20. The method of treatment of a patient suffering from renal failure, including the introduction of solution for peritoneal dialysis in peritoneal cavity of the patient, and this solution contains an effective amount of at least one osmotically active agent selected from the group consisting of acetylated amino sugar, deacetylating of amino sugar and combinations thereof, and the specified at least one osmotically active agent is present in the form of monomer or oligomer of 2 - 12 carbohydrate chains.

21. The method according to p. 20, in which acetylated amino sugar selected from the group consisting of N-acetylglucosamine, N-atsetilgalaktozamin and N-acetylcarnosine.

22. The method according to p. 20 or 21, in which deacetylating an amino sugar selected from the group consisting of glucosamine, galactose the hat is N-acetylglucosamine.

24. The method according to any of the p. 20, 21, 22 or 23, in which the solution further comprises an electrolyte selected from the group consisting of sodium, chloride, calcium, magnesium, lactate, malate, acetate, succinate, and combinations thereof, and these electrolytes are present in the form of pharmaceutically acceptable compositions.

25. The method according to p. 24, in which the solution is a pharmaceutically acceptable pH and the pH is within ~ of 5.0 to 7.4, sodium is present at a concentration in the range of 115 to 140 mEq/l, calcium at a concentration in the range of 0.6 - 5.0 mEq/l, chloride concentrations in the range of 100 - 145 mEq/l, magnesium at a concentration in the range of 0 to 2.0 mEq/l and lactate, malate, acetate or succinate in concentrations in the range of 30 - 45 mEq/L.

26. The method according to any of paragraphs.20, 21, 22, 23, 24 or 25, in which at least one osmotically active agent is present at a concentration of ~ 0.5 to 5.0% (wt/about).

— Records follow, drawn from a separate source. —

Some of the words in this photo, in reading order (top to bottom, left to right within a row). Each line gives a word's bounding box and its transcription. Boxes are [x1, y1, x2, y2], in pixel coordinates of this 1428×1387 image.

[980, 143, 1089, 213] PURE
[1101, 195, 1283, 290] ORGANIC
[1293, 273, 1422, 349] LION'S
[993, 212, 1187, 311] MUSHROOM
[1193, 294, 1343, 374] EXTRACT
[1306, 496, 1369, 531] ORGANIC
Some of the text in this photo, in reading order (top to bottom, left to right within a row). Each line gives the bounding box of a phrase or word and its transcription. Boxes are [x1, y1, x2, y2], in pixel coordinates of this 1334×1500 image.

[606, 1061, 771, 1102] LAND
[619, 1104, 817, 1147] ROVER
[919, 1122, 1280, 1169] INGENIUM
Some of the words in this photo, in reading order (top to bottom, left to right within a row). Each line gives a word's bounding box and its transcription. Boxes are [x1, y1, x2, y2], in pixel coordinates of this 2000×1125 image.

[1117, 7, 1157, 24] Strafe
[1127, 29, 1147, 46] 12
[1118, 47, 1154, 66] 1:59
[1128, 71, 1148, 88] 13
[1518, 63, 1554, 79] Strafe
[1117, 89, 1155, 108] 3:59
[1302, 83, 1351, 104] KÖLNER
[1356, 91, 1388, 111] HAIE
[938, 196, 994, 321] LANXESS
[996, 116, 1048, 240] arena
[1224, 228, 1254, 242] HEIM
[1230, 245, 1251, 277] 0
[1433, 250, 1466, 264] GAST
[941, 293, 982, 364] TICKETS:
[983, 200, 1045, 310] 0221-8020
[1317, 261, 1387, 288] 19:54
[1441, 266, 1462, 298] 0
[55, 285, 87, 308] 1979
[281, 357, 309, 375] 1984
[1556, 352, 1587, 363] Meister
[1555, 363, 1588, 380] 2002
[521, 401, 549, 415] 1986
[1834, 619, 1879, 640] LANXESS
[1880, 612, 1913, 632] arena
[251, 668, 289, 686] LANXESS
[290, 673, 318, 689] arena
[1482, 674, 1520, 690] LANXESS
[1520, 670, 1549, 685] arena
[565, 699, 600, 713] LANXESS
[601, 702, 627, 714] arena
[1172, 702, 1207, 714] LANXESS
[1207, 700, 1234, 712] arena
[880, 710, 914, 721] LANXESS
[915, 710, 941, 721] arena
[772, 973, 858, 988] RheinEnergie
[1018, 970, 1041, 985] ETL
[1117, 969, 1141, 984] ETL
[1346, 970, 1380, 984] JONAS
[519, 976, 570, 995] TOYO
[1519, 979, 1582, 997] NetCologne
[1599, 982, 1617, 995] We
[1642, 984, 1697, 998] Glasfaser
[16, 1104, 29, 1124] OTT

27. The method according to any of paragraphs.20, 21, 22, 23, 24, 25 or 26, in which the solution further comprises at least one additional osmotically active agent selected from the group consisting of glucose, iduronovoy acid, glucuronic acid, and combinations thereof.

28. The method according to p. 27, in which at least one osmotically active agent WMO of 5.0 (wt/V).